=== What needs to be done ===
Please set down word for word every line from the one holding "Some of the text" to the end of the data below, both included.

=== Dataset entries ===
◇ ◇ ◇

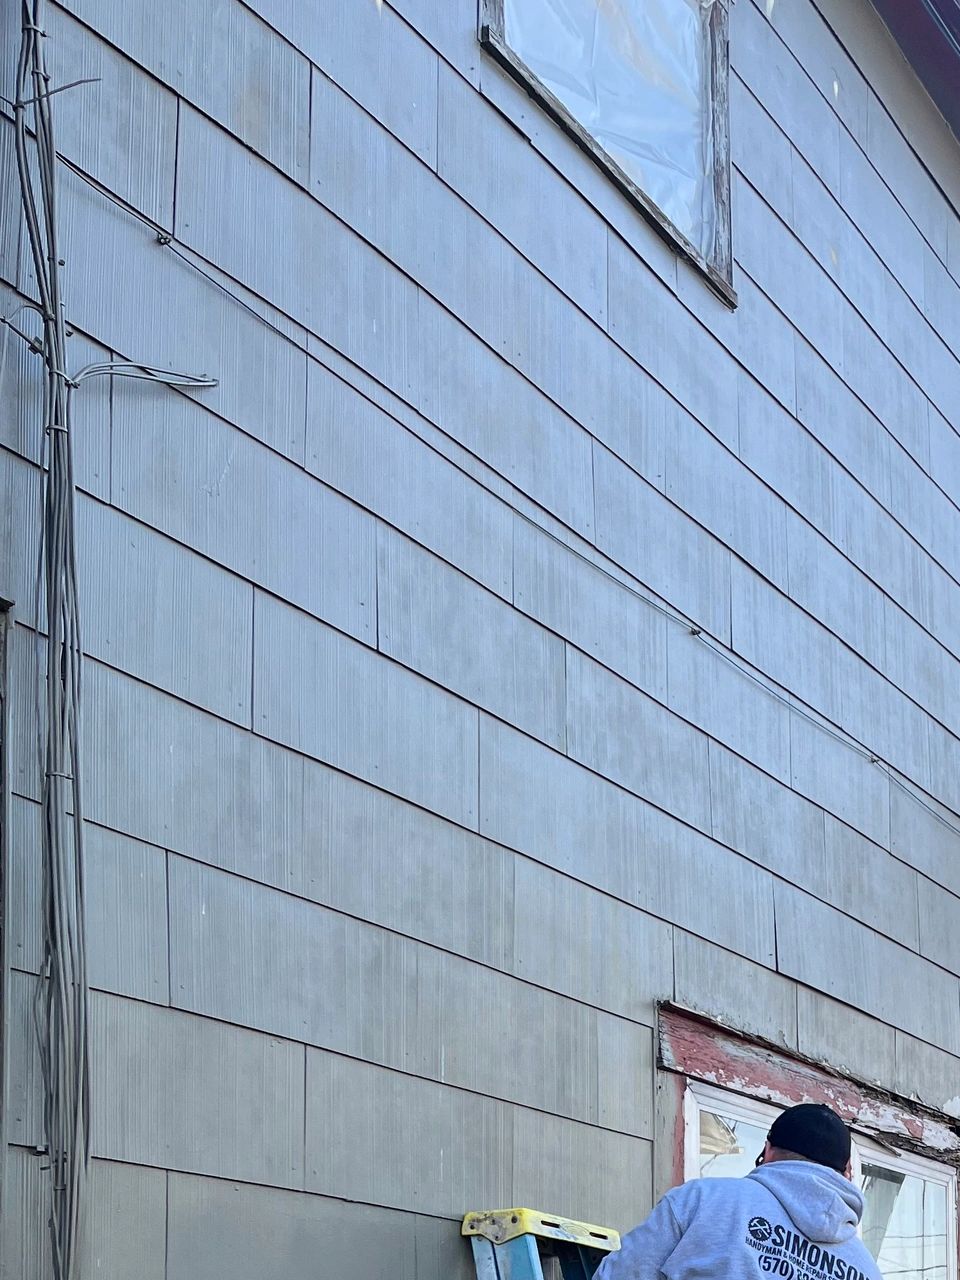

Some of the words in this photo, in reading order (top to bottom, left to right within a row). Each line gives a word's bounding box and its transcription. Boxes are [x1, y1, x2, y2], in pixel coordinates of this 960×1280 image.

[745, 1236, 782, 1257] HANDYMAN
[788, 1254, 805, 1270] HOME
[805, 1264, 827, 1280] REPAIR
[758, 1255, 794, 1280] (570)
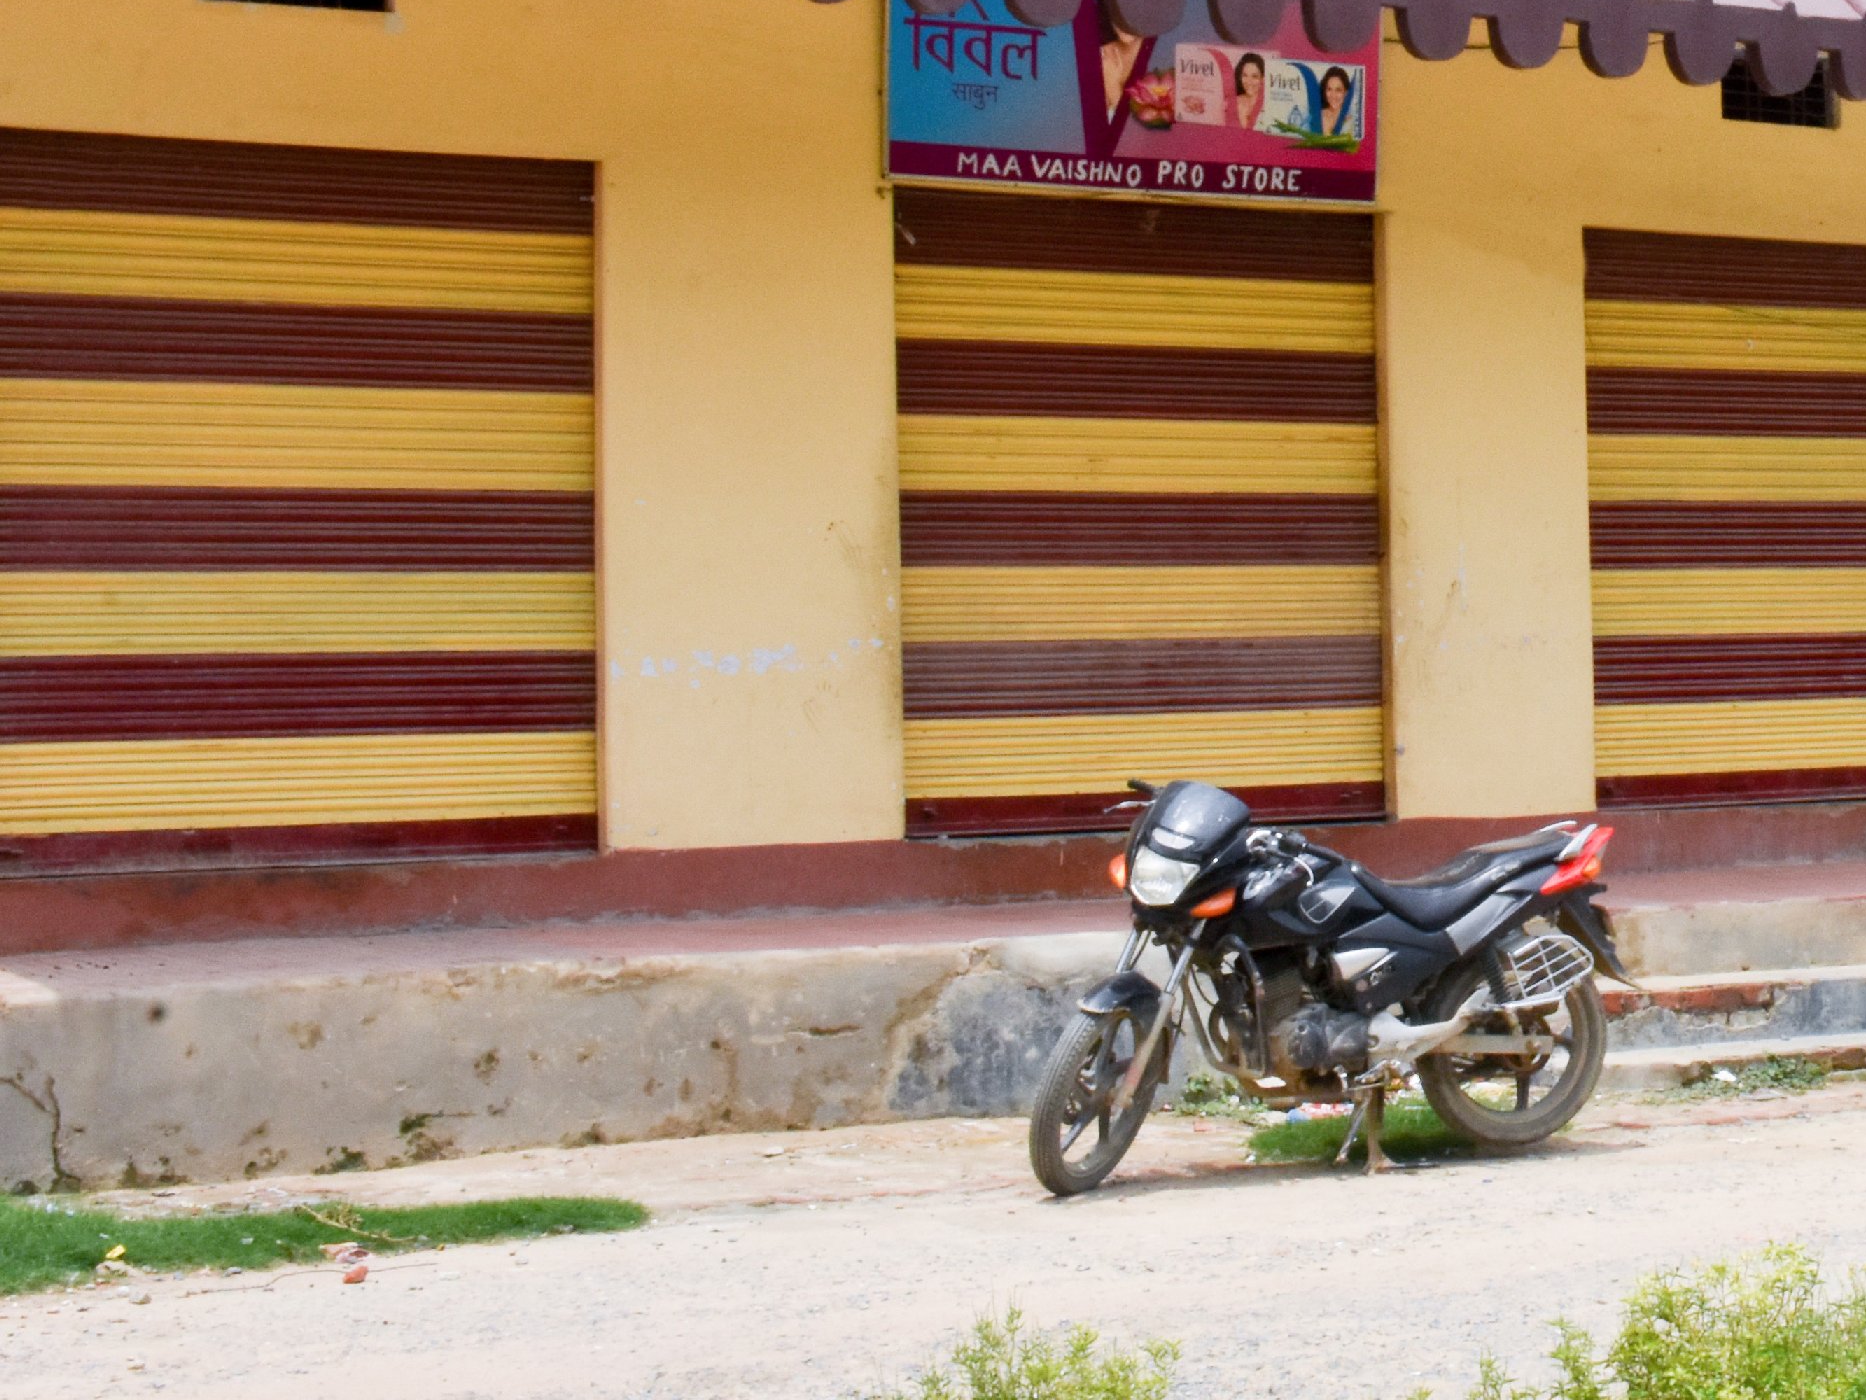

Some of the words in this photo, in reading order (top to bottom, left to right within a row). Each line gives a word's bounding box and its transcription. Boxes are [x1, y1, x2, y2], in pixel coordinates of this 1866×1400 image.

[1180, 59, 1215, 77] Vivel
[1269, 73, 1302, 91] Vivel
[951, 82, 998, 110] साबुन
[957, 152, 1022, 178] MAA
[1032, 154, 1142, 188] VAISHNO
[1157, 160, 1204, 188] PRO
[1222, 165, 1302, 192] STORE
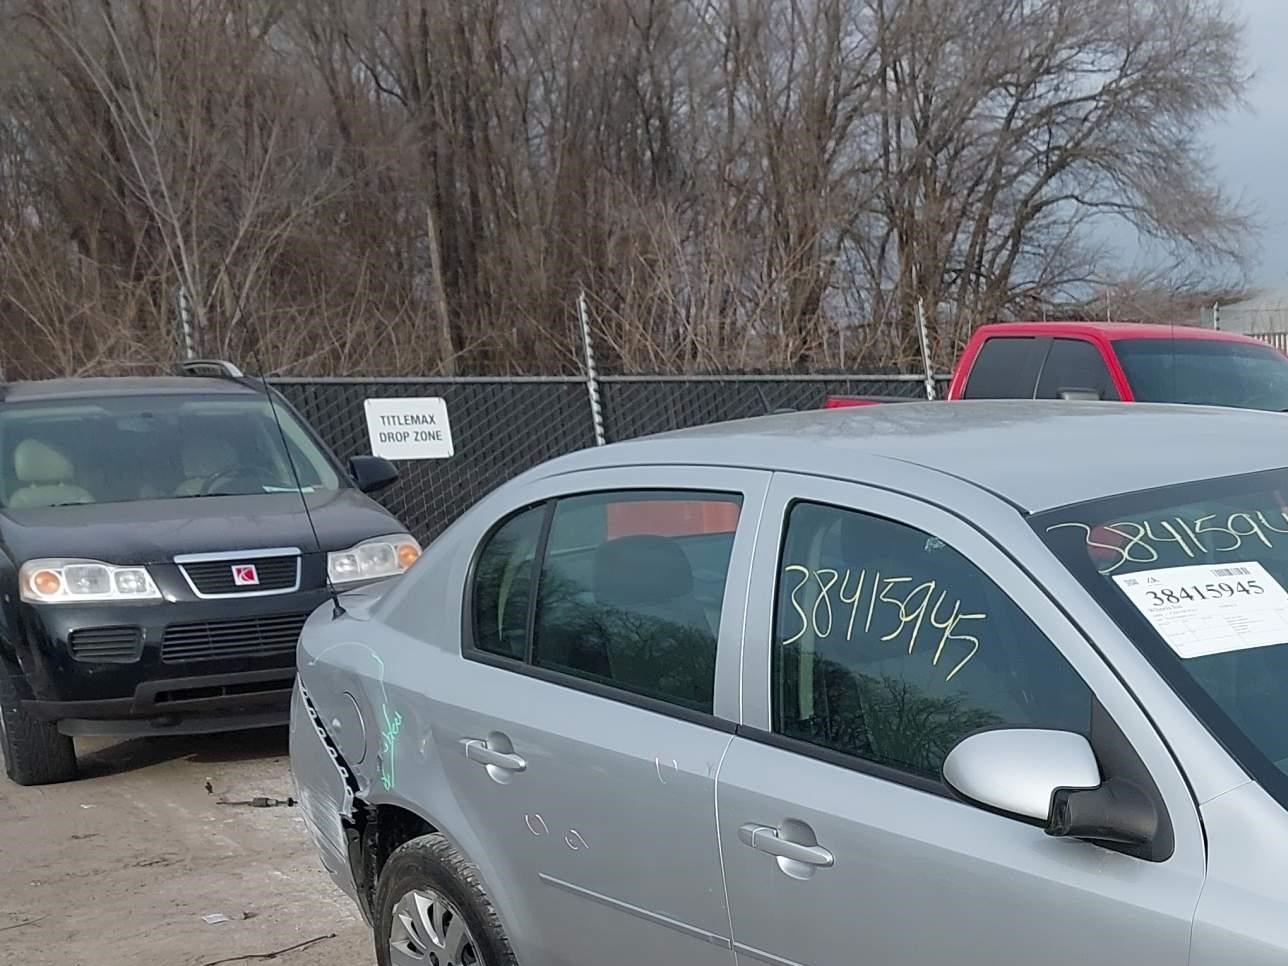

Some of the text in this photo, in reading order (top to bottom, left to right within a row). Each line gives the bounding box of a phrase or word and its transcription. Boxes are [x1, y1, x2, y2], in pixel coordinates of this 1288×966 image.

[379, 414, 437, 426] TITLEMAX
[379, 430, 443, 443] DROP ZONE
[1145, 580, 1265, 607] 38415945
[782, 564, 987, 681] 38415945

◇ ◇ ◇

=== Exercise result ===
Some of the text in this photo, in reading order (top to bottom, left to right within a row). Each line gives the bounding box of a phrase or word and its transcription. Boxes are [x1, y1, x2, y2], in pixel coordinates of this 1288×966 image.

[379, 414, 437, 426] TITLEMAX
[379, 430, 443, 443] DROP ZONE
[1145, 580, 1265, 607] 38415945
[782, 564, 987, 681] 38415945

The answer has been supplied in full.